== Data under study ==

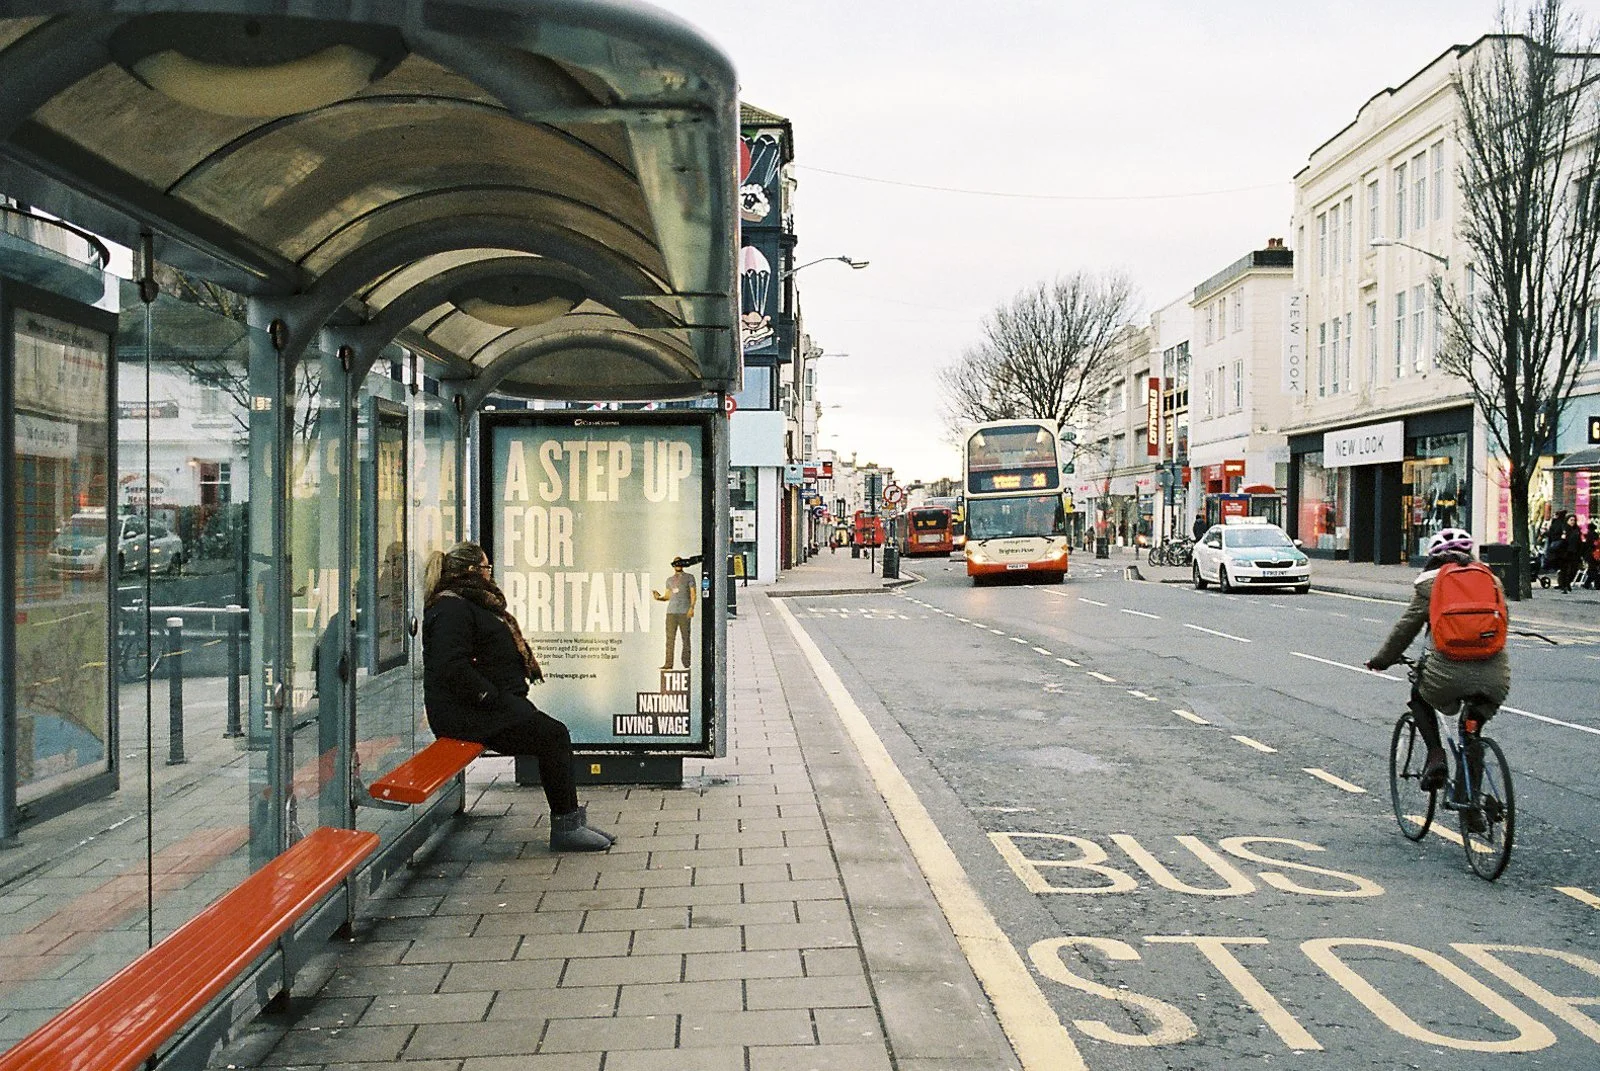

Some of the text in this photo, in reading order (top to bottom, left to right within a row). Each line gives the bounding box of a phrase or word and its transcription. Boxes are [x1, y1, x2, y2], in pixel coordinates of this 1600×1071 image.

[1290, 296, 1300, 391] NEW LOOK
[1148, 388, 1158, 445] COTSWOLD
[1335, 434, 1384, 457] NEW LOOK
[504, 440, 692, 503] A STEP UP
[504, 506, 574, 568] FOR
[504, 572, 650, 632] BRITAIN
[639, 694, 689, 713] NATIONAL
[664, 672, 689, 691] THE
[616, 716, 690, 734] LIVING WAGE
[986, 831, 1386, 897] BUS
[1027, 934, 1600, 1053] STOP

===

→ **Task description**
In the reply, each line of the data must appear exactly as written, and no picture may appear.

→ **Answer below**
Some of the text in this photo, in reading order (top to bottom, left to right within a row). Each line gives the bounding box of a phrase or word and its transcription. Boxes are [x1, y1, x2, y2], in pixel coordinates of this 1600×1071 image.

[1290, 296, 1300, 391] NEW LOOK
[1148, 388, 1158, 445] COTSWOLD
[1335, 434, 1384, 457] NEW LOOK
[504, 440, 692, 503] A STEP UP
[504, 506, 574, 568] FOR
[504, 572, 650, 632] BRITAIN
[639, 694, 689, 713] NATIONAL
[664, 672, 689, 691] THE
[616, 716, 690, 734] LIVING WAGE
[986, 831, 1386, 897] BUS
[1027, 934, 1600, 1053] STOP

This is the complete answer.